Hernia disease is now generally known to common people just as appendicitis is known. When a bulge or swelling appears in the groin, every body knows that it is hernia. So bulge or swelling due to any other disease might be mistaken as hernia bulge. Like wise, hernia occurs only in the groin is also a misconception. It can occur any where inside the body as well as visibly out side the body. The hernias which are visible on the surface of the body mainly occur on the abdomen.
When any organ of our body or part of it leaves its original place and enters into other cavity through a defect or hole, it forms a hernia sac. This sac becomes visible on the abdomen when intestines enter in to it on coughing. This bulge seen on the abdomen is called as hernia. It is seen in nearly 1-1.5% of our people but this incidence is higher (2-3%) in the western countries and Africa. Abdominal wall hernias are given different names depending on the area where they arise. Inguinal hernia, umbilical hernia, epigastric hernia, lumbar hernia, spigelion hernia etc. are some of such hernias that are seen on the abdominal wall. Hernias can occur inside the body also that are not visible outside. Diaphragmatic hernia is an example of this.

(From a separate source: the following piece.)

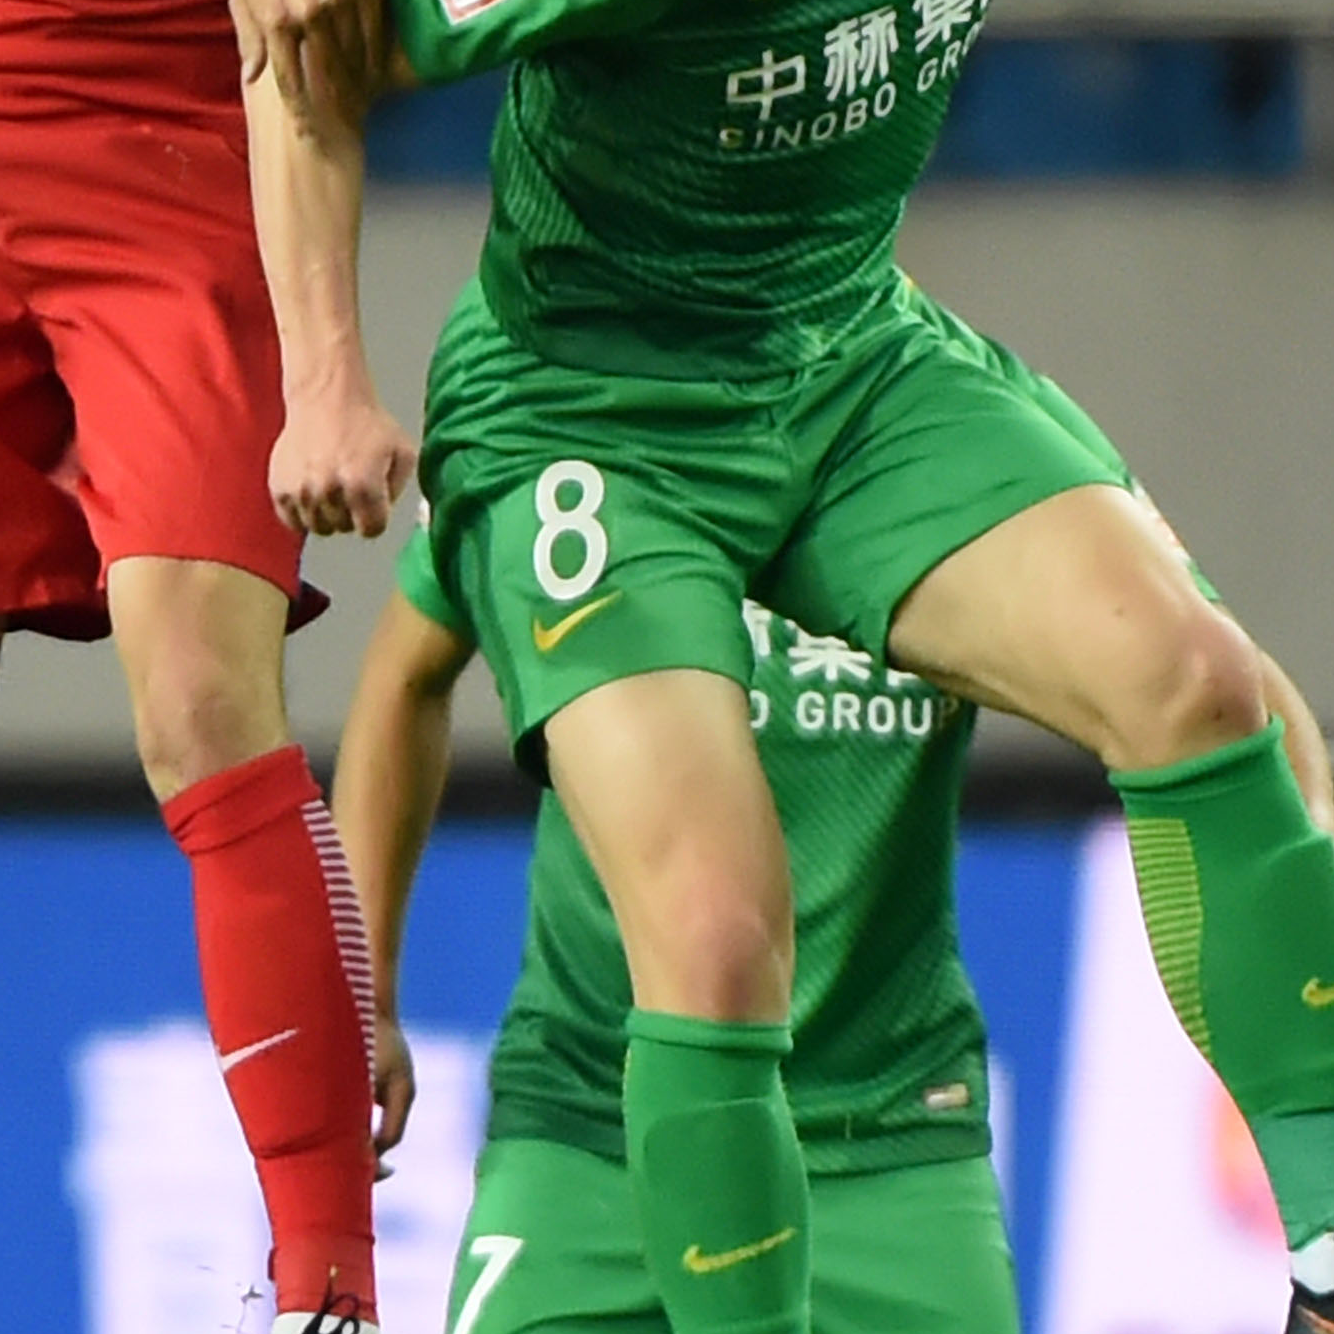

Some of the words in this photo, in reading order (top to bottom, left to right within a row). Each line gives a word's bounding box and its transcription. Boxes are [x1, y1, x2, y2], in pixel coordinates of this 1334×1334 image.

Why hernia forms? Every body naturally wants to know as to why at all hernia forms in their body or on abdomen. What are the reasons? Weakness of the abdominal wall muscle cover at some place or spot is the main reason. Then if by any reason say like coughing or straining while passing stools or urine, intra-abdominal pressure rises and the result is the hernia formation through the weak spot. Chronic cough as seen in asthmatic patients, job of lifting heavy weights, constipation, obstruction in passing urine due to enlarged prostate are some of the important reasons that precipitates the hernia formation in the groin or at some other place on abdomen. Stretching of muscles as seen in pregnancy or ascitis can also result in hernia formation. These reasons are not seen in children; still they are affected with hernia due to pre formed hernia sac.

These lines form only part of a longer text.